(RTTNews.com) - Avery Dennison Corp. ( AVY ) announced, for fiscal 2018, excluding an estimated $0.95 per share for restructuring charges and other items, it now expects adjusted earnings per share of $5.85 to $6.05. The company now expects 2018 reported earnings per share of $4.90 to $5.10. The reported EPS guidance midpoint was reduced by $0.63, reflecting higher anticipated restructuring charges.
First-quarter adjusted EPS was $1.44, up 30 percent driven by a combination of solid operating results, currency translation tailwinds, and a lower tax rate. Net sales increased 13.0% to $1.78 billion. Sales growth ex. currency was 6.8%. Organic sales were up 3.4%.
Mitch Butier, President and CEO, said: "Label and Graphic Materials delivered solid organic growth and sustained its strong operating margin; Retail Branding and Information Solutions expanded its margin significantly, with solid organic growth driven by strength in RFID; and Industrial and Healthcare Materials results were in line with expectations, with revenue up nearly 50 percent, largely due to acquisitions, while operating margin declined. We have initiated a large, multi-year restructuring plan associated with the consolidation of LGM's European footprint, designed to further enhance our competitive position in the region.
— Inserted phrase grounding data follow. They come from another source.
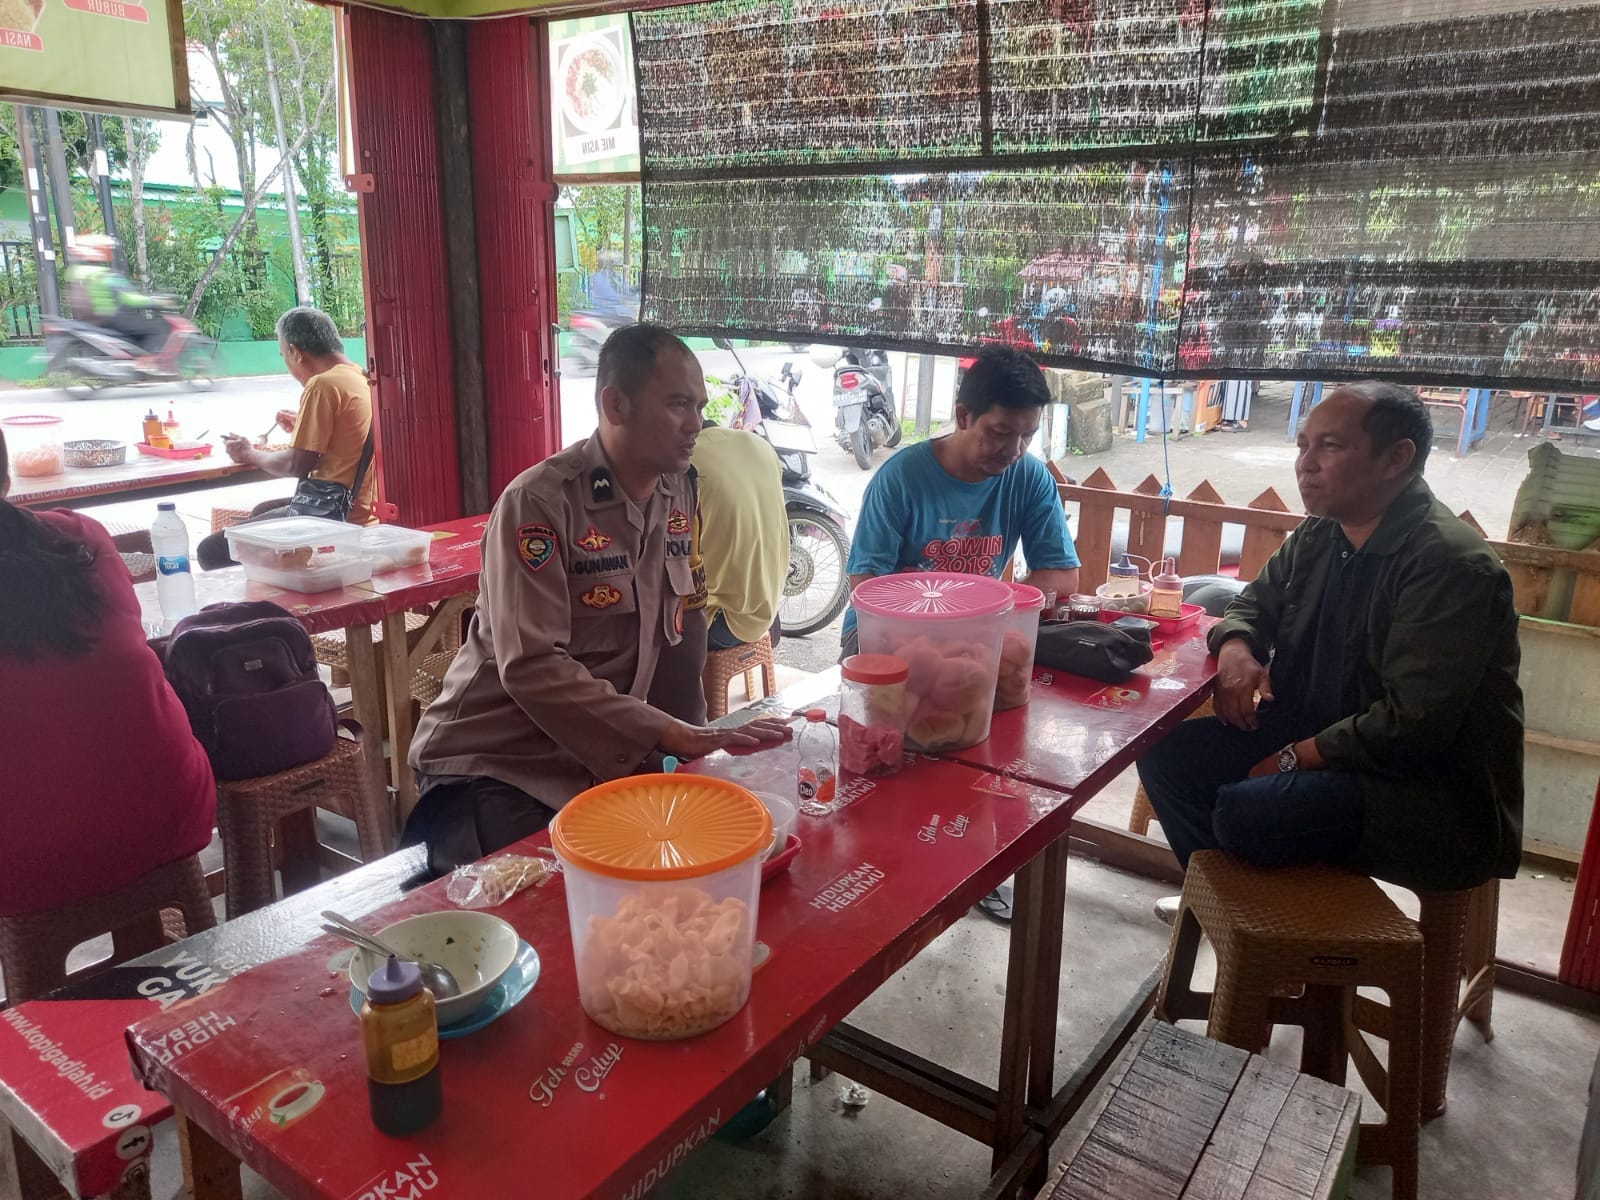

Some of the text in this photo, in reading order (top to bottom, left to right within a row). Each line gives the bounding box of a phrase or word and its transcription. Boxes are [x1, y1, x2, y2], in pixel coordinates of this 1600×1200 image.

[925, 534, 1003, 557] GOWIN
[931, 555, 992, 575] 2019
[942, 814, 970, 838] Celup
[808, 862, 876, 909] HIDUPKAN
[825, 869, 886, 913] HEBATMU
[162, 950, 229, 994] YUK
[529, 1067, 567, 1107] Teh
[575, 1043, 624, 1092] Celup
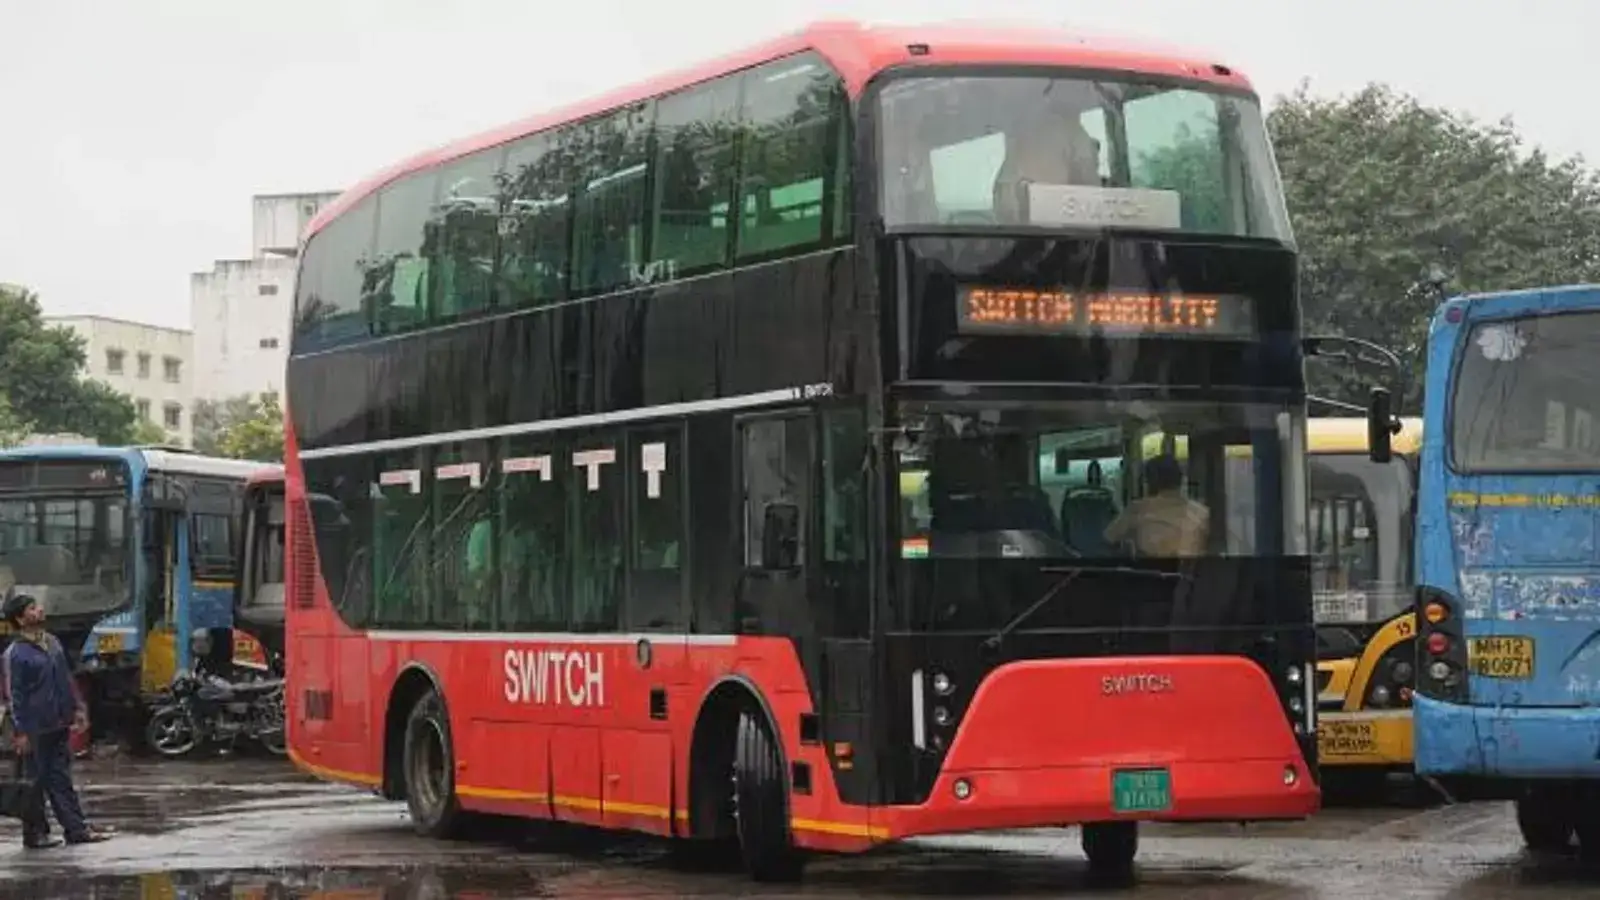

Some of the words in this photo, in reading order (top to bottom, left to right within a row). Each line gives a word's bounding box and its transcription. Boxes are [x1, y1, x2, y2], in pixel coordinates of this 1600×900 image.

[968, 289, 1073, 323] SWITCH
[504, 649, 604, 706] SWITCH
[1102, 674, 1174, 694] SWITCH
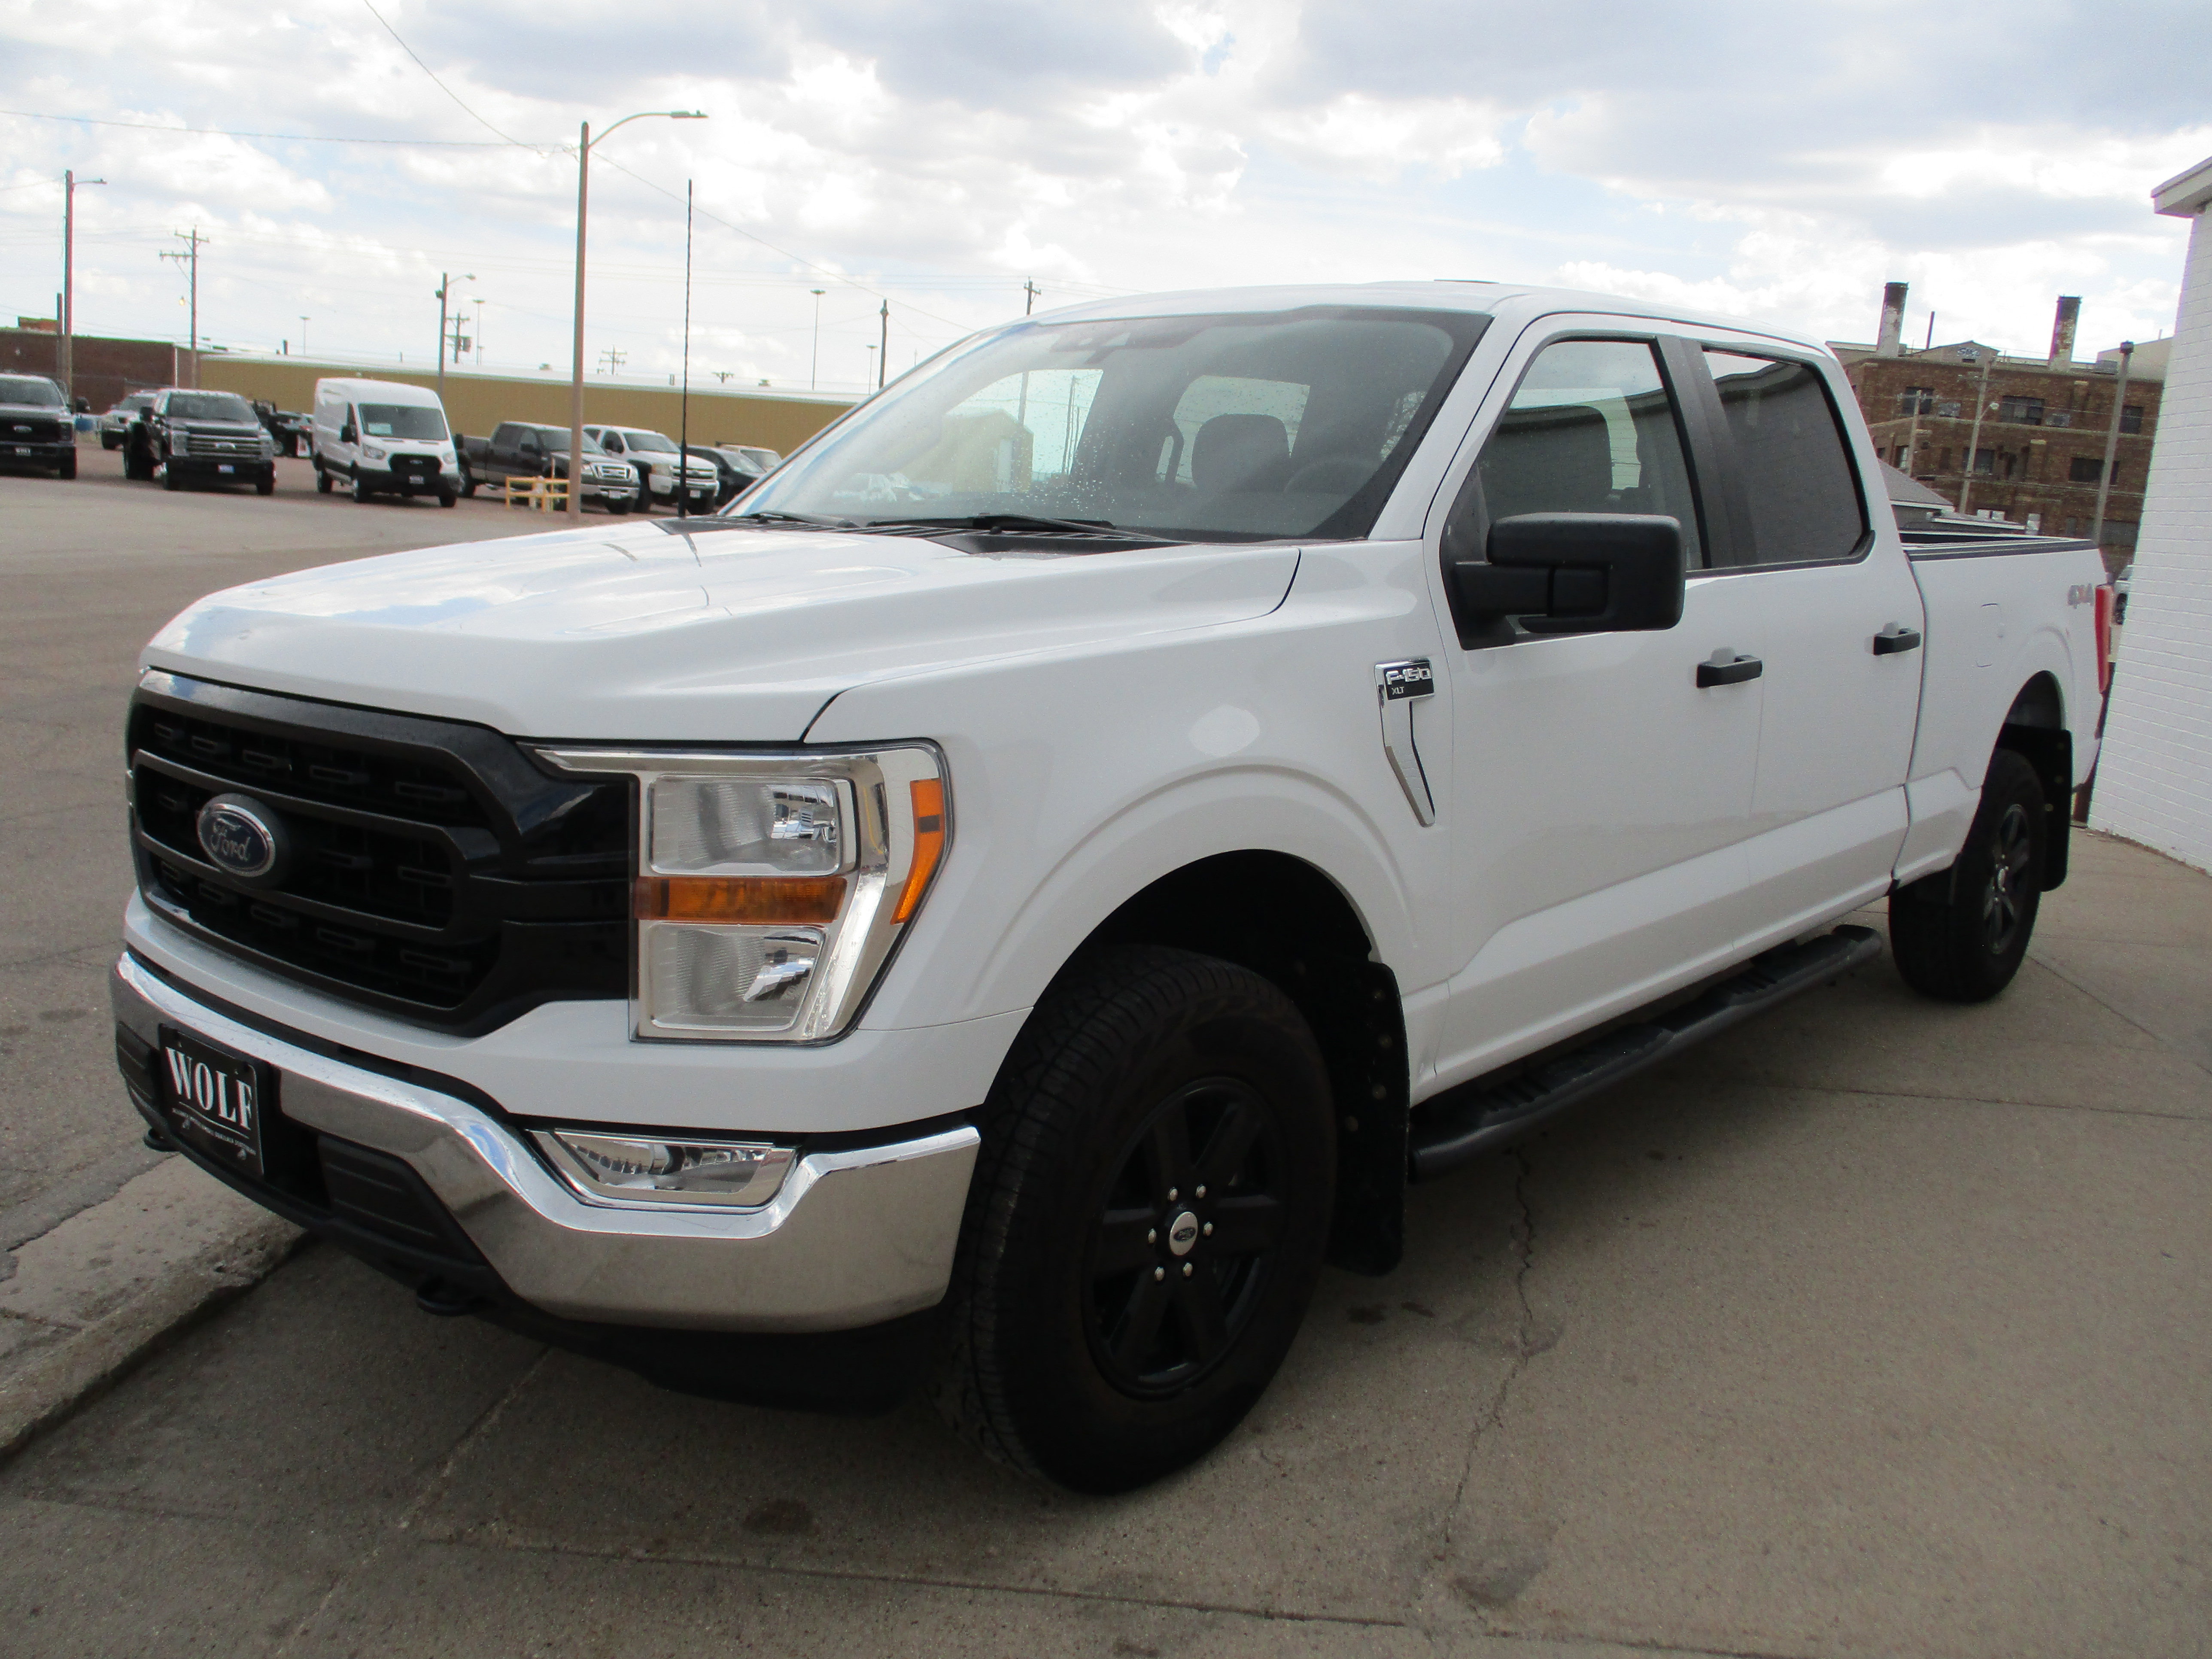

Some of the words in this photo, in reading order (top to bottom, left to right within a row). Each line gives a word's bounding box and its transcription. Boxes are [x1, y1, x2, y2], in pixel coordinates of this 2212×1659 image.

[1386, 667, 1432, 685] F-150
[1392, 686, 1404, 695] XLT
[210, 817, 251, 862] Ford
[166, 1046, 252, 1131] WOLF
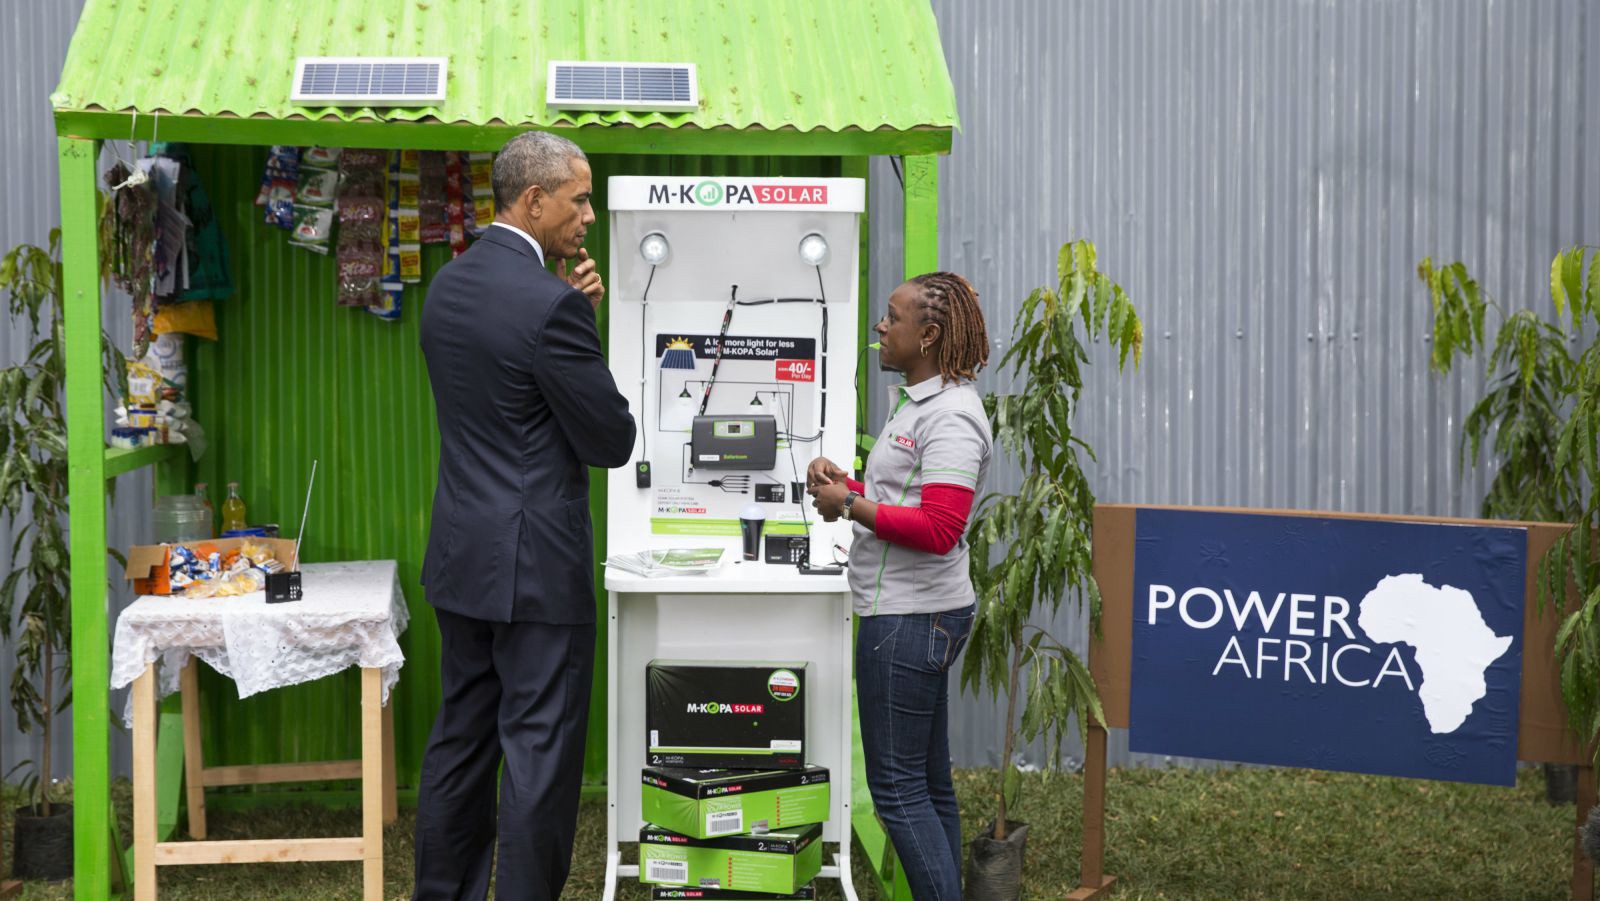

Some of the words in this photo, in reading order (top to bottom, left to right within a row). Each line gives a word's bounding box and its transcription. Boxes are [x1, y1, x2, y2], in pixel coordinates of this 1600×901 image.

[649, 181, 753, 206] M-KOPA
[762, 188, 823, 202] SOLAR
[705, 338, 711, 346] A
[747, 339, 764, 348] light
[766, 339, 777, 347] for
[779, 340, 795, 348] less
[723, 347, 753, 355] M-KOPA
[755, 348, 779, 356] Solar!
[788, 362, 811, 374] 40/-
[1148, 584, 1356, 639] POWER
[1212, 635, 1414, 691] AFRICA
[687, 701, 733, 714] M-KOPA
[734, 705, 762, 713] SOLAR
Excluding the incremental charges from this action, our current year outlook has improved."
The company approved a restructuring plan associated with the consolidation of the European footprint of its Label and Graphic Materials segment, which is expected to result in a net reduction in headcount of approximately 150 positions. The company expects this plan to be largely complete by the end of 2019. The company expects to realize approximately $25 million in annualized savings from this plan, beginning in 2020.